A liberdade de manifestação do pensamento constitui pilar do Estado Democrático de Direito, contudo, não se reveste de caráter absoluto. A Constituição Federal, ao consagrar tal liberdade (art. 5º, IV), estabeleceu concomitantemente a vedação ao anonimato. Essa proibição não é um fim em si mesma, mas um instrumento de garantia que visa assegurar a ulterior responsabilização civil e penal do autor, bem como o exercício do direito de resposta (art. 5º, V).

No âmbito do Direito Digital, a doutrina aponta que o anonimato absoluto é, frequentemente, uma falácia técnica. Embora usuários possam utilizar pseudônimos ou avatares para ocultar sua identidade social, a legislação brasileira, notadamente o Marco Civil da Internet (Lei nº 12.965/2014), impõe aos provedores o dever de guarda de registros de conexão e de acesso a aplicações. Esses "rastros digitais" (logs e IPs), quando solicitados judicialmente, permitem desvelar a autoria de ilícitos, afastando a sensação de impunidade e reafirmando que o ambiente virtual não é uma terra sem lei, mas um espaço sob a tutela da soberania estatal.

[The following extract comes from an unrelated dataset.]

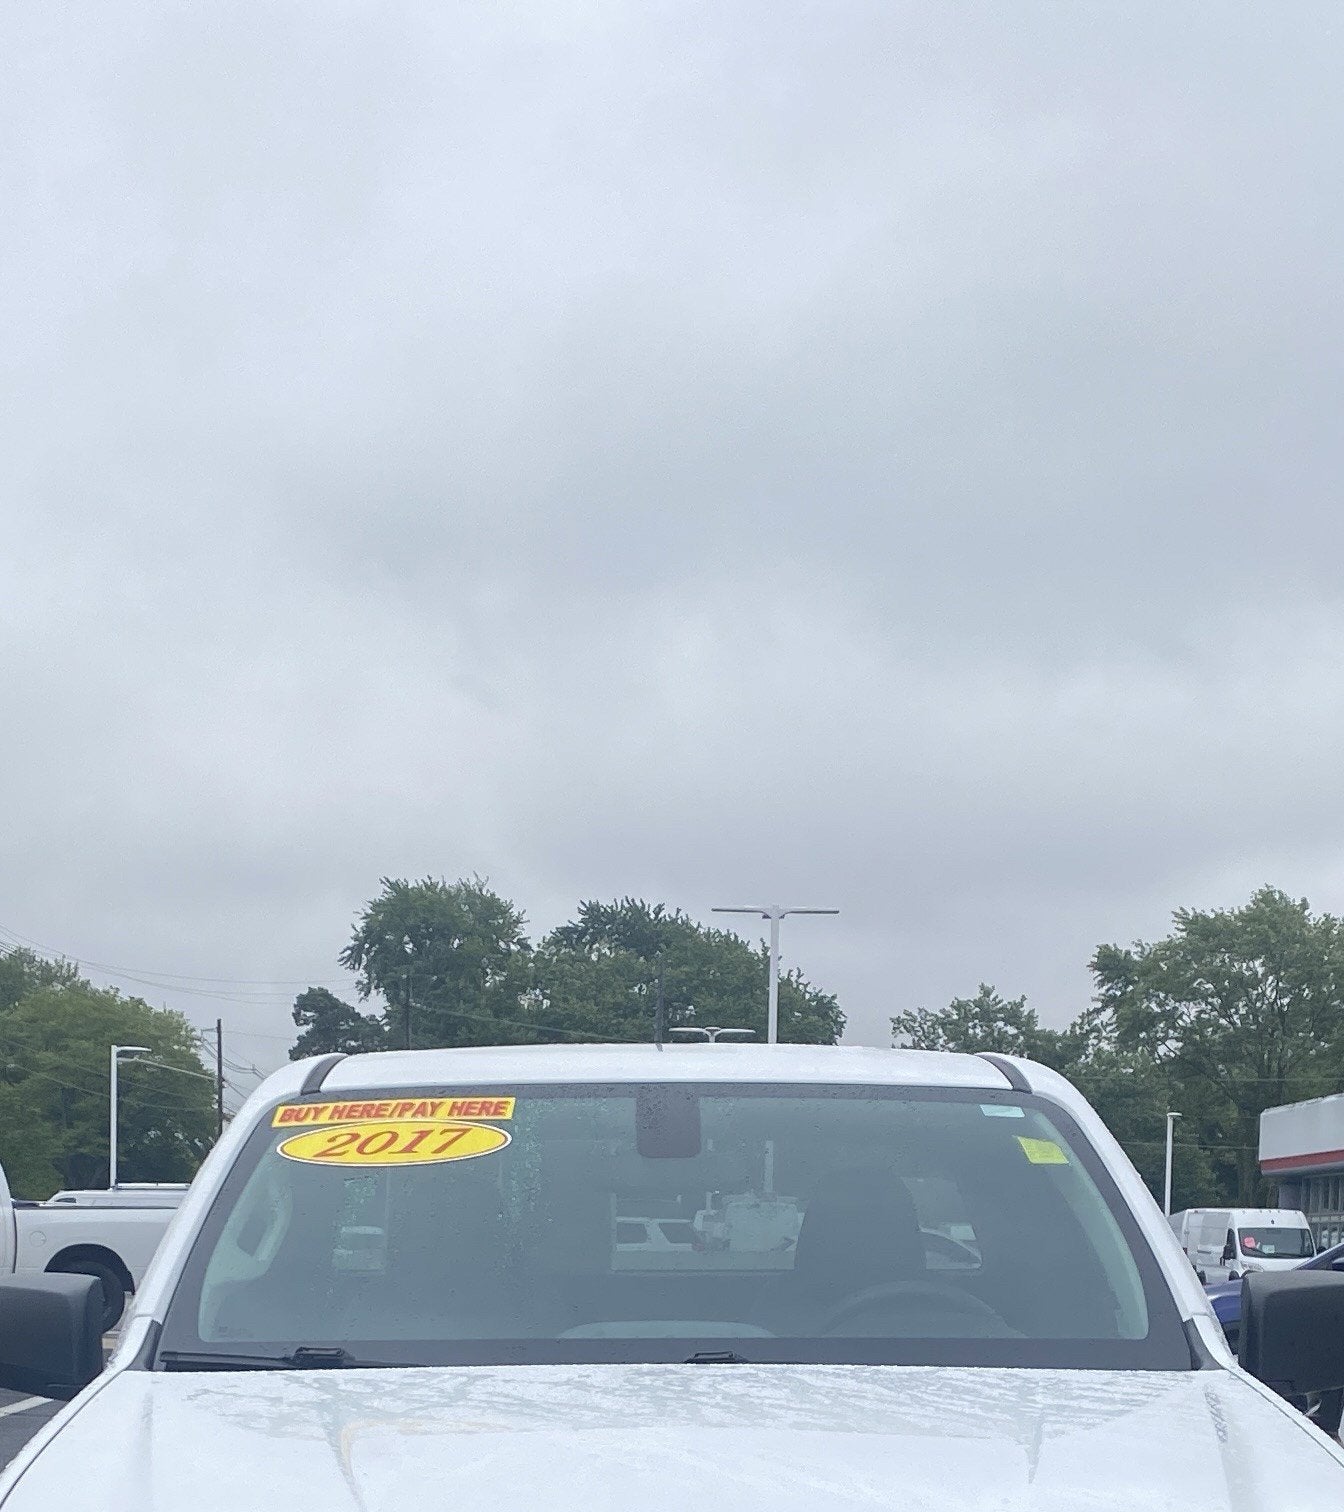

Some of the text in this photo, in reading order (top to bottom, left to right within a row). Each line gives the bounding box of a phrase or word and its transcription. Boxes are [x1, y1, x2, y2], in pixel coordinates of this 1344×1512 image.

[278, 1099, 511, 1123] BUY HERE/PAY HERE
[312, 1127, 473, 1158] 2017

3.2 Privacidade, Intimidade e a Tensão com o Direito ao Esquecimento

A distinção dogmática entre intimidade e privacidade, longe de ser mero preciosismo semântico, é determinante para a gradação da proteção constitucional. A doutrina contemporânea, valendo-se da Teoria das Esferas, situa a intimidade como o núcleo intangível da personalidade, um âmbito de exclusão absoluta onde residem os segredos domésticos e as escolhas afetivas. Já a privacidade projeta-se como uma camada externa a esse núcleo, compreendendo o direito do cidadão de controlar a visibilidade de suas relações sociais e profissionais, impedindo que informações, ainda que não estritamente sigilosas, sejam submetidas ao escrutínio público irrestrito.

Todavia, a arquitetura da sociedade em rede, impulsionada pelo Big Data, promoveu a erosão dessas fronteiras. A internet atua como um arquivo perene, onde a "memória digital" é a regra e o esquecimento, a exceção. Nesse contexto, surge o debate acerca do Direito ao Esquecimento, entendido não como uma reescrita da história, mas como um mecanismo de defesa da dignidade humana contra a perpetuidade da pena social.

Juridicamente, esse direito encontrou respaldo interpretativo no Enunciado nº 531 da VI Jornada de Direito Civil, que chegou a reconhecê-lo como a prerrogativa de impedir que fatos pretéritos, ainda que verídicos, paralisem a vida presente do indivíduo, submetendo-o a uma estigmatização eterna.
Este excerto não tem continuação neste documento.